Problem to work on —
Reproduce all entries below verbatim. Skip the pictures.

---*---

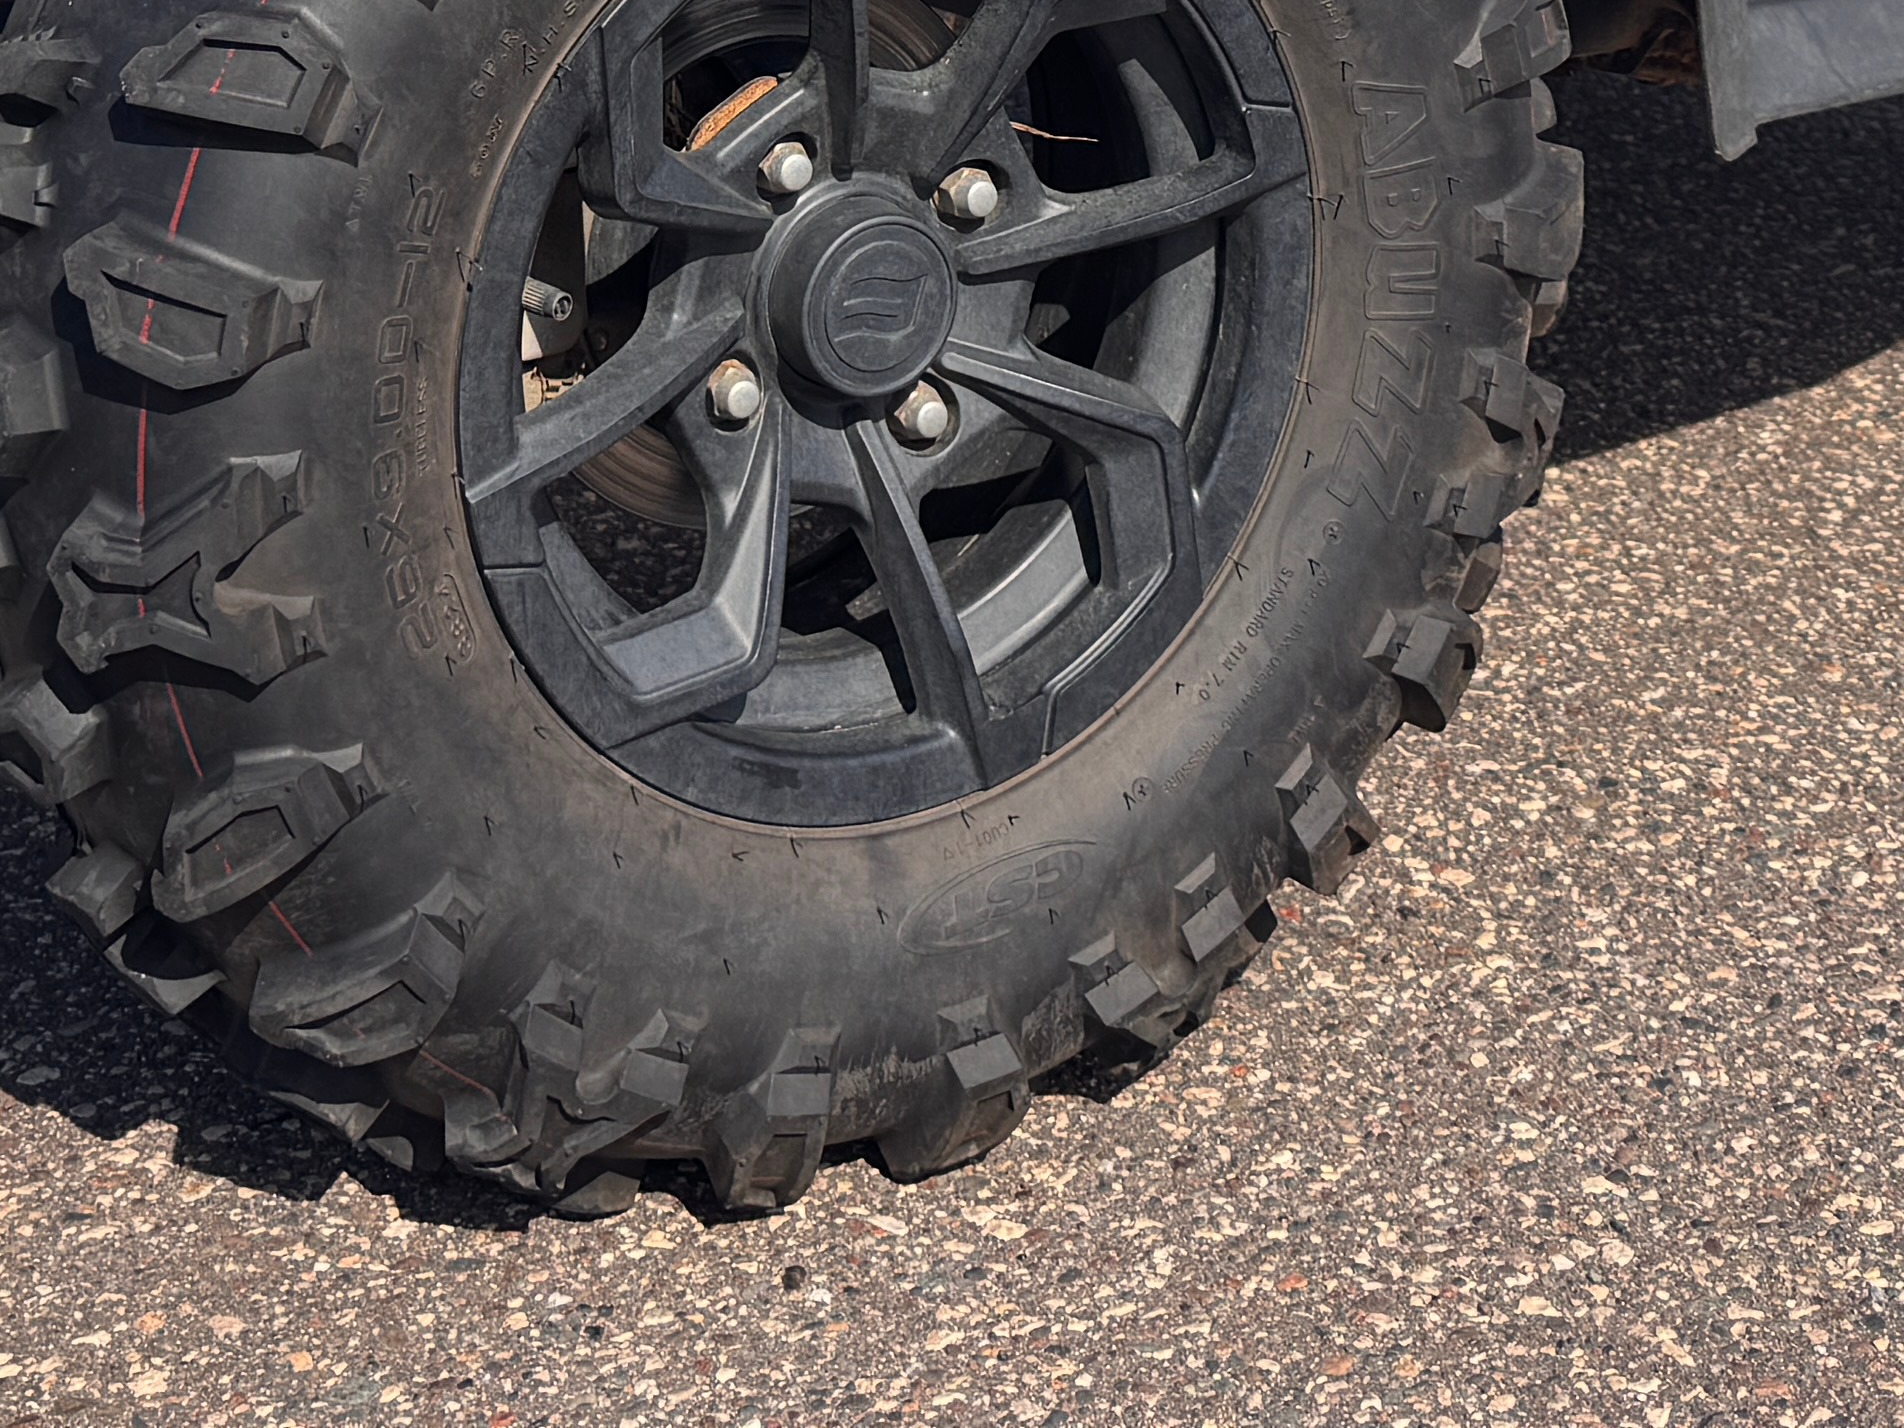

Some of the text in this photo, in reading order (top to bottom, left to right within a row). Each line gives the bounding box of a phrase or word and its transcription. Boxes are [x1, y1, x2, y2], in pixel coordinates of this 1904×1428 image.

[1326, 79, 1441, 523] ABUZZ
[370, 184, 447, 660] 26X9.00-12
[414, 375, 432, 476] TUBELESS
[1195, 566, 1295, 704] STANDARD RIM 7.0
[1218, 653, 1283, 735] OPERATING
[1159, 732, 1221, 796] PRESSURE
[943, 848, 1084, 930] CST

---*---

Written solution —
Some of the text in this photo, in reading order (top to bottom, left to right within a row). Each line gives the bounding box of a phrase or word and its transcription. Boxes are [x1, y1, x2, y2], in pixel coordinates of this 1904×1428 image.

[1326, 79, 1441, 523] ABUZZ
[370, 184, 447, 660] 26X9.00-12
[414, 375, 432, 476] TUBELESS
[1195, 566, 1295, 704] STANDARD RIM 7.0
[1218, 653, 1283, 735] OPERATING
[1159, 732, 1221, 796] PRESSURE
[943, 848, 1084, 930] CST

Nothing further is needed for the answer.